Visualising Relationships

To assess the relationship between two continuous variables, use a scatterplot. Simple pass the two variables to the plot() function which accepts as inputs vectors to plot x and y coordinates.

plot(iris$Petal.Length, iris$Petal.Width)
../../_images/scat_1.png

We can see that there is a positive relationship between the two variables - that is to say, as Petal.Width increases, so does Petal.Length. They have a positive correlation.

Visualising Nested Groups

In the previous example using boxplots, we viewed the distribution of one variable Sepal.Width for every sample in the Iris dataset. What if we wanted to compare Sepal.Width across the 3 flower species?

We will use the library ggpubr to do this - the code is relatively intuitive. By passing the column Species to the x-axis, the plot will automatically divide our data according to the three flower species:

ggboxplot(iris, x = "Species", y = "Sepal.Width", bxp.errorbar = TRUE)
../../_images/boxplot_species.png

For histograms and scatter plots, use the parameter facet.by to create faceted plots - one plot for each grouping variable in a panel.

gghistogram(iris, x = "Sepal.Width", y = "..density..", facet.by = "Species")
../../_images/hist_facet.png

ggscatter(iris, x = "Petal.Length", y = "Petal.Width", facet.by = "Species")
../../_images/scat_facet.png

Enhancing Plots

Adding colors to plots make groups instantly stand out. To do this in ggpubr, you will need to specify the fill parameter with the grouping variable.

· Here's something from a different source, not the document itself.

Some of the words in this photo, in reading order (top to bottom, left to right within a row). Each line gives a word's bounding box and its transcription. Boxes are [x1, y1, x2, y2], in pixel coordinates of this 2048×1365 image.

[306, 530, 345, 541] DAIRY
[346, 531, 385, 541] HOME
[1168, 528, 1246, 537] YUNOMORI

This will fill in your histogram bars/boxplots with a unique color according to the number of unique groups in the variable (for the iris dataset this is ‘Setosa’, ‘Versicolor’ and ‘Virginica’).

gghistogram(iris, x = "Sepal.Width", y = "..density..", add_density = T, fill = "Species", add = "median")
../../_images/histo_groups.png

ggboxplot(iris, x = "Species", y = "Sepal.Width", fill = "Species", bxp.errorbar = T)
../../_images/boxplot_group.png

Note

For scatterplots, use color instead of fill.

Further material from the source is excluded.